### TRY IT:
Transcribe the entries exactly as they stand below, passing over any picture.

### MATERIAL TO PROCESS:

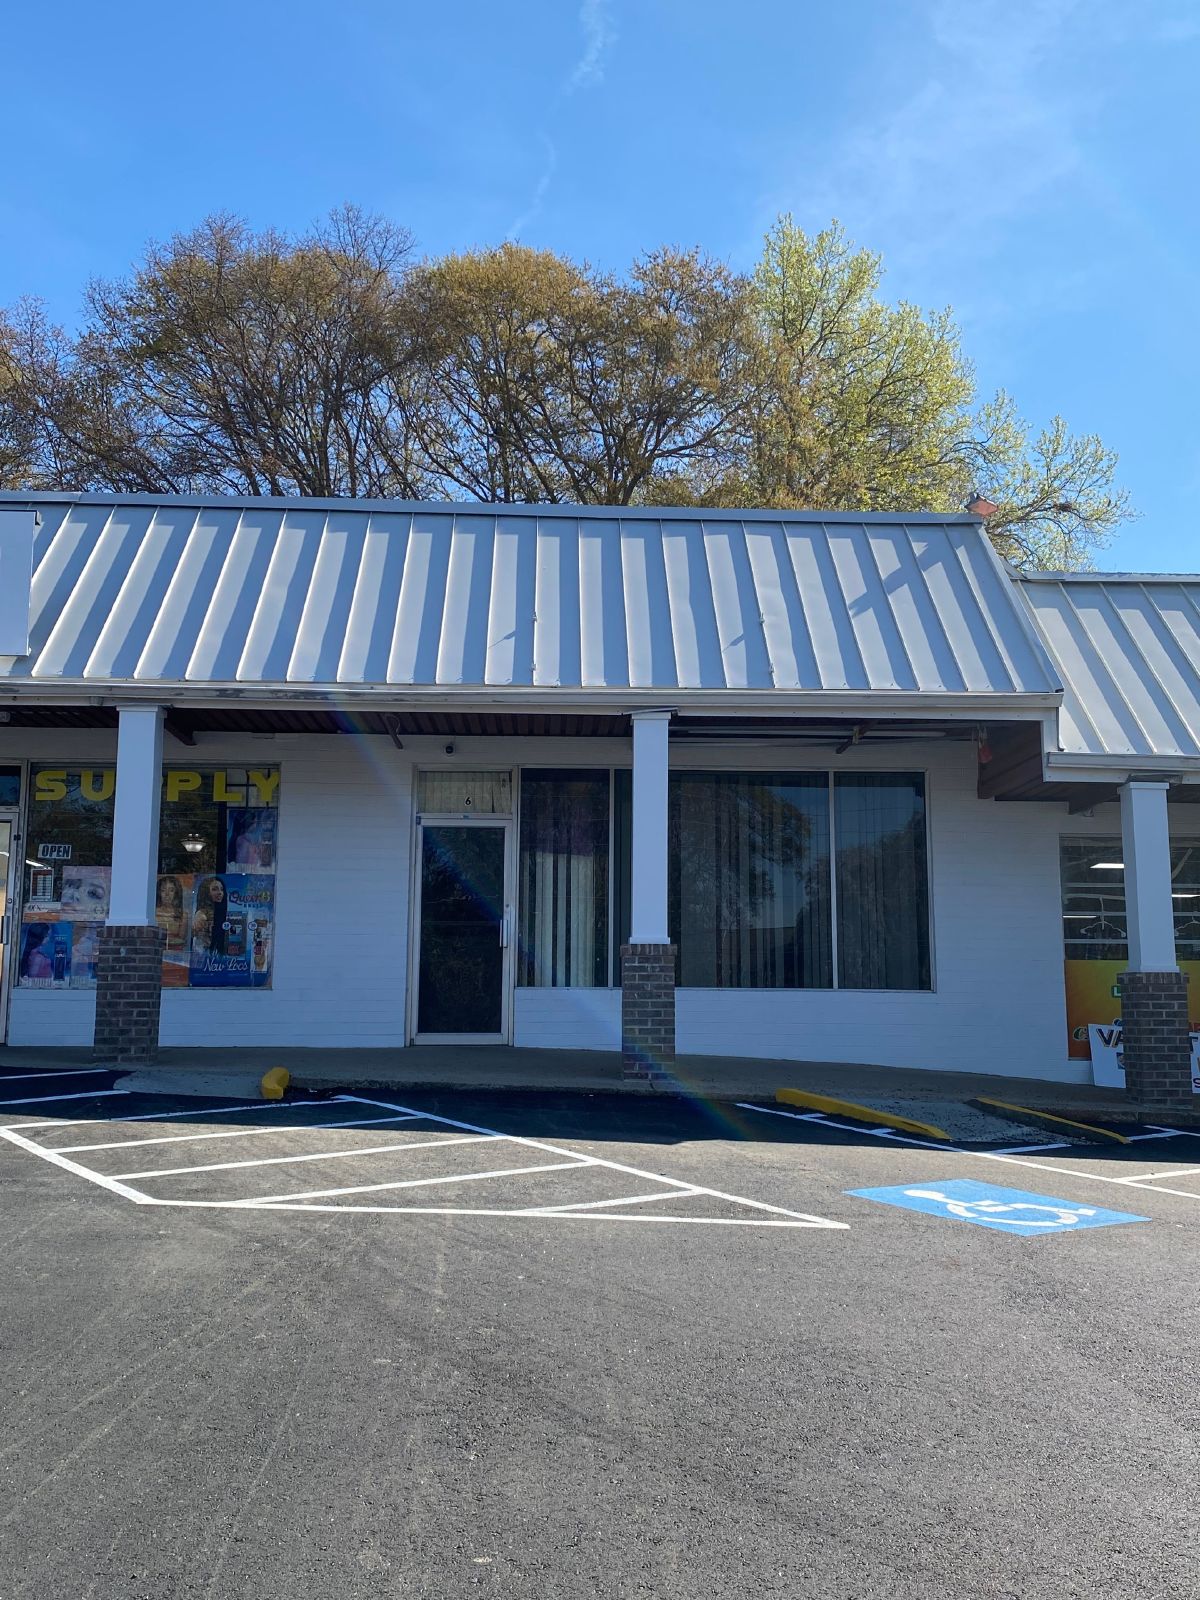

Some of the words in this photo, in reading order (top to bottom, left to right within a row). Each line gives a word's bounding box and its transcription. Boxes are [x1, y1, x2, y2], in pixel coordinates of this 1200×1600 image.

[36, 770, 279, 802] SUPLY
[465, 796, 472, 806] 6
[41, 844, 71, 858] OPEN
[203, 957, 225, 972] New
[226, 957, 249, 972] Locs
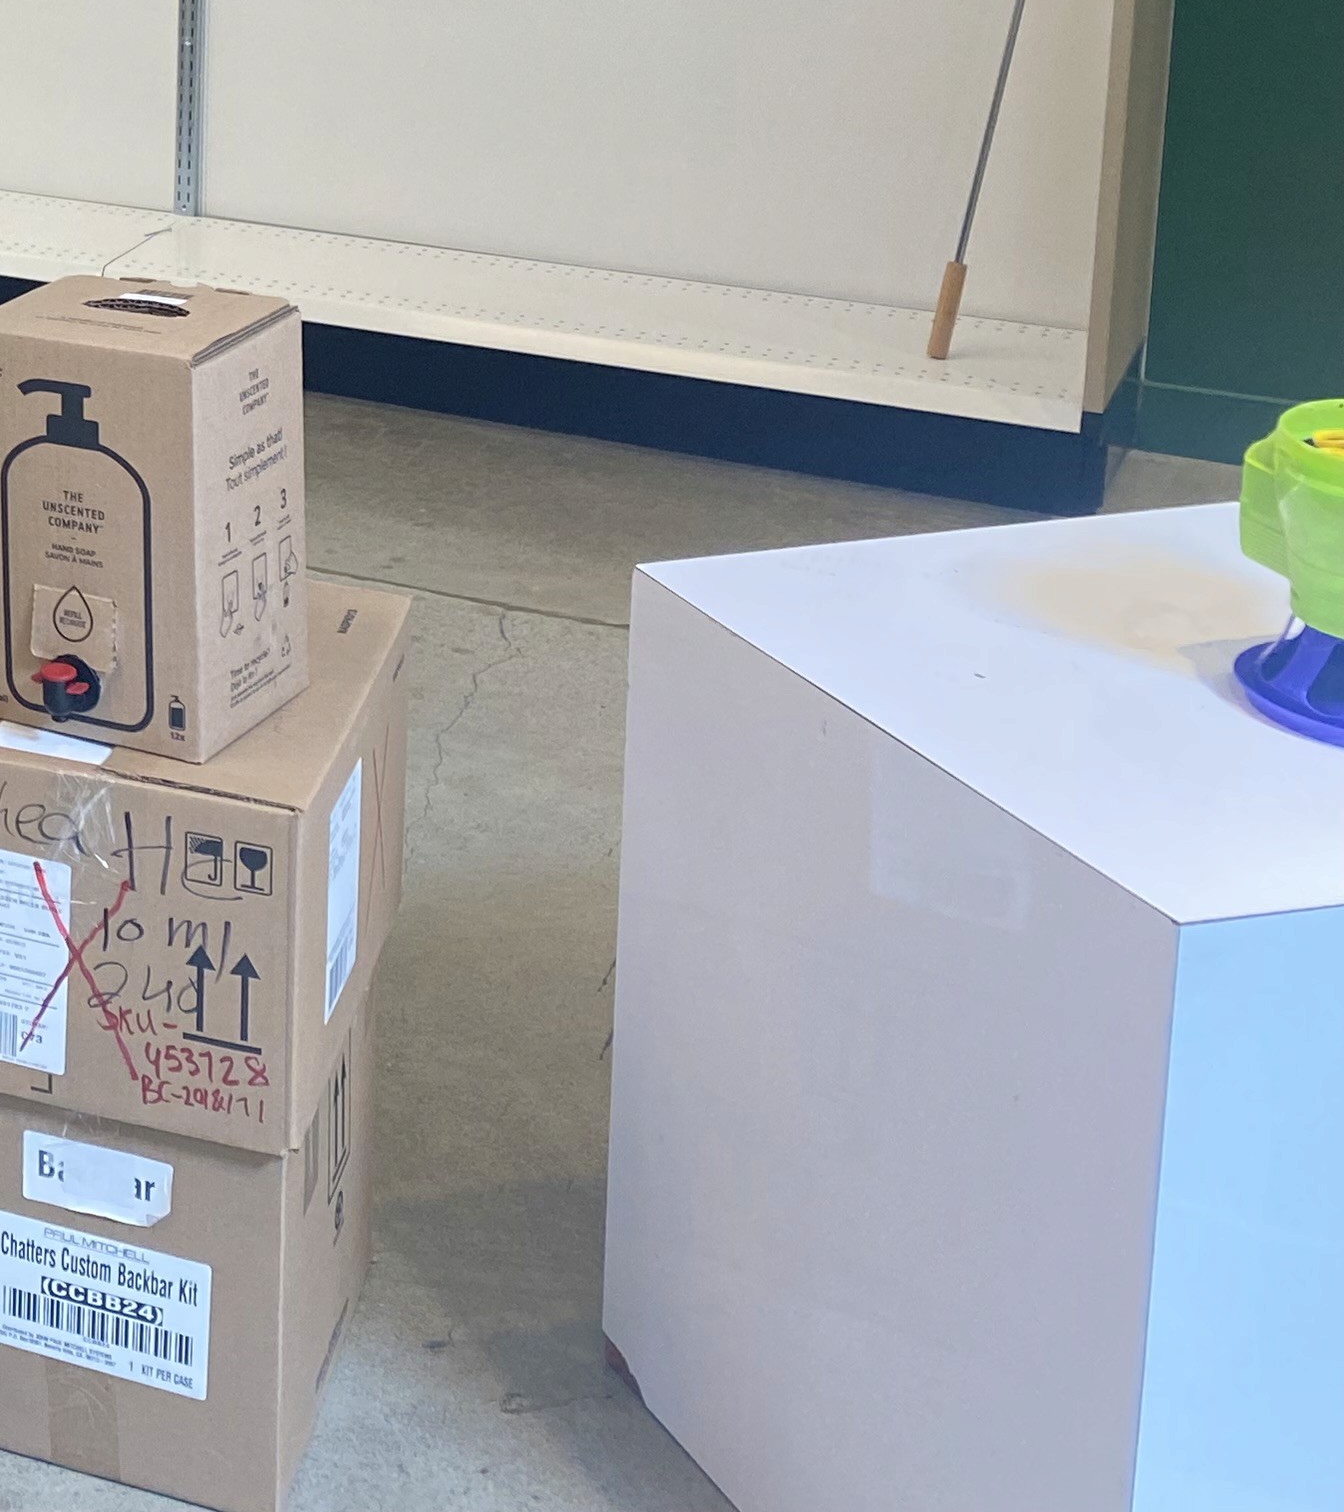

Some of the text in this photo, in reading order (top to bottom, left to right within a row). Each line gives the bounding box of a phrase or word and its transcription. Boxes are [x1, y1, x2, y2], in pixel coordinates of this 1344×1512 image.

[228, 445, 255, 470] Simple
[256, 440, 266, 453] as
[225, 471, 243, 491] Tout
[243, 448, 283, 480] simplement
[63, 490, 84, 503] THE
[280, 488, 287, 509] 3
[42, 500, 105, 521] UNSCENTED
[253, 505, 261, 527] 2
[48, 516, 102, 534] COMPANY
[224, 521, 231, 543] 1
[45, 551, 70, 564] SAVON
[79, 557, 104, 569] MAINS
[52, 543, 96, 558] HAND SOAP
[44, 1227, 150, 1265] PAUL MITCHELL
[1, 1230, 198, 1307] Chatters Custom Backbar Kit
[41, 1275, 164, 1328] (CCBB24)
[128, 1361, 193, 1389] 1 KIT PER CASE
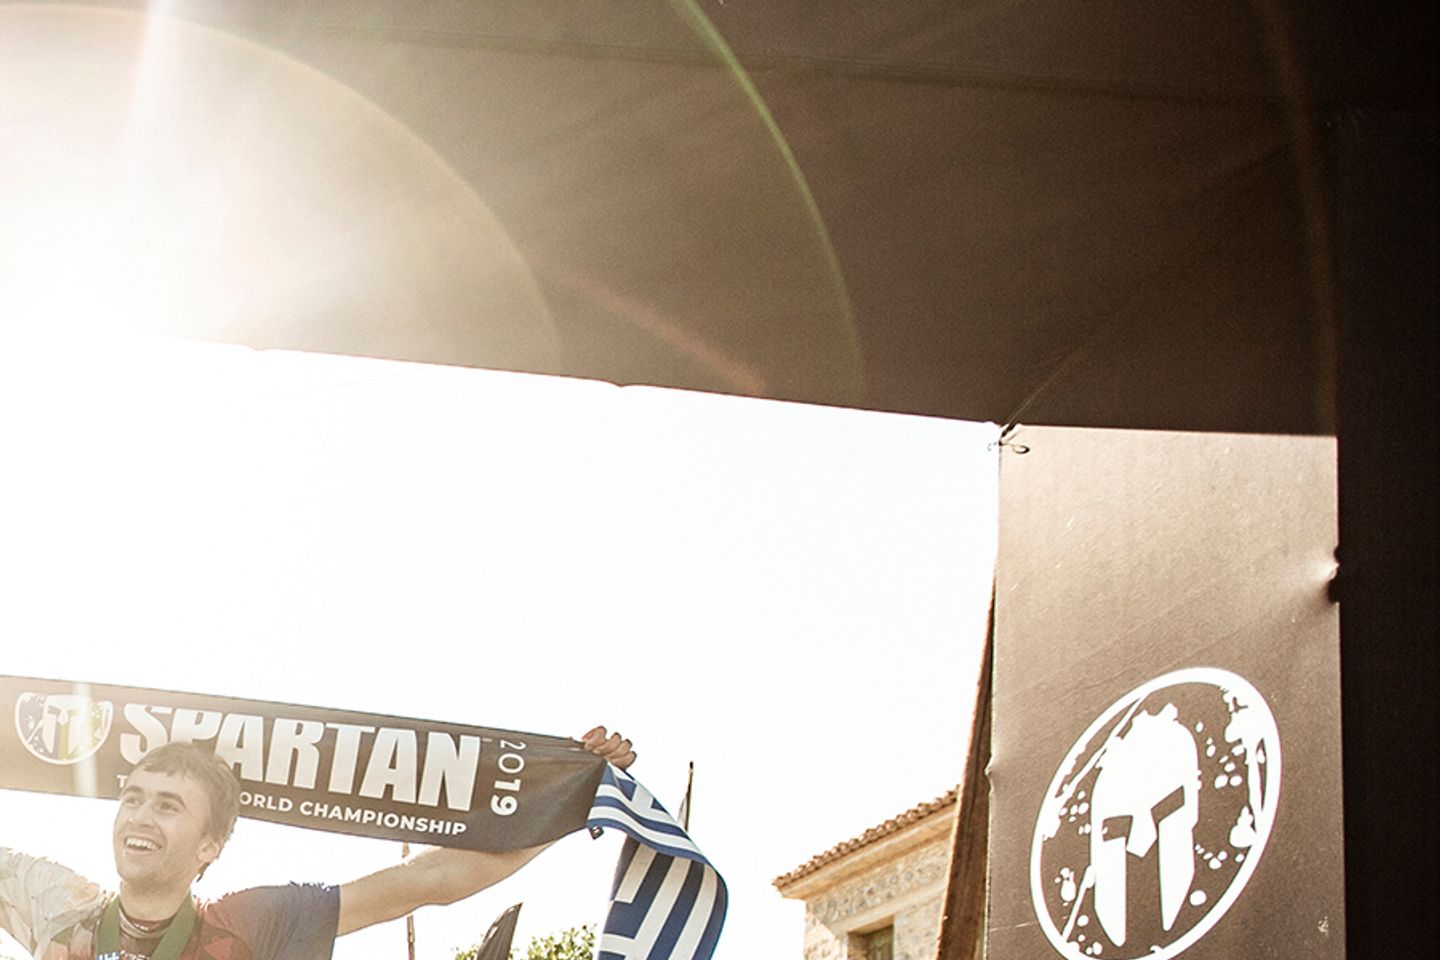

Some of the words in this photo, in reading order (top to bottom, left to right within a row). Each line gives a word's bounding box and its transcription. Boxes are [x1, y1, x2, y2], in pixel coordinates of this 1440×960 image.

[120, 703, 481, 811] SPARTAN
[490, 739, 527, 816] 2019
[240, 791, 293, 813] ORLD
[299, 801, 467, 836] CHAMPIONSHIP

### ANSWER SECTION:
Some of the words in this photo, in reading order (top to bottom, left to right within a row). Each line gives a word's bounding box and its transcription. Boxes are [x1, y1, x2, y2], in pixel coordinates of this 1200×1600 image.

[36, 770, 279, 802] SUPLY
[465, 796, 472, 806] 6
[41, 844, 71, 858] OPEN
[203, 957, 225, 972] New
[226, 957, 249, 972] Locs

Some of the text in this photo, in reading order (top to bottom, left to right within a row). Each line gives the bounding box of a phrase or word and its transcription. Boxes are [x1, y1, x2, y2], in pixel coordinates of this 1344×1512 image.

[228, 445, 255, 470] Simple
[256, 440, 266, 453] as
[225, 471, 243, 491] Tout
[243, 448, 283, 480] simplement
[63, 490, 84, 503] THE
[280, 488, 287, 509] 3
[42, 500, 105, 521] UNSCENTED
[253, 505, 261, 527] 2
[48, 516, 102, 534] COMPANY
[224, 521, 231, 543] 1
[45, 551, 70, 564] SAVON
[79, 557, 104, 569] MAINS
[52, 543, 96, 558] HAND SOAP
[44, 1227, 150, 1265] PAUL MITCHELL
[1, 1230, 198, 1307] Chatters Custom Backbar Kit
[41, 1275, 164, 1328] (CCBB24)
[128, 1361, 193, 1389] 1 KIT PER CASE

Some of the words in this photo, in reading order (top to bottom, left to right within a row). Each line gives a word's bounding box and its transcription. Boxes are [x1, y1, x2, y2], in pixel coordinates of this 1440×960 image.

[120, 703, 481, 811] SPARTAN
[490, 739, 527, 816] 2019
[240, 791, 293, 813] ORLD
[299, 801, 467, 836] CHAMPIONSHIP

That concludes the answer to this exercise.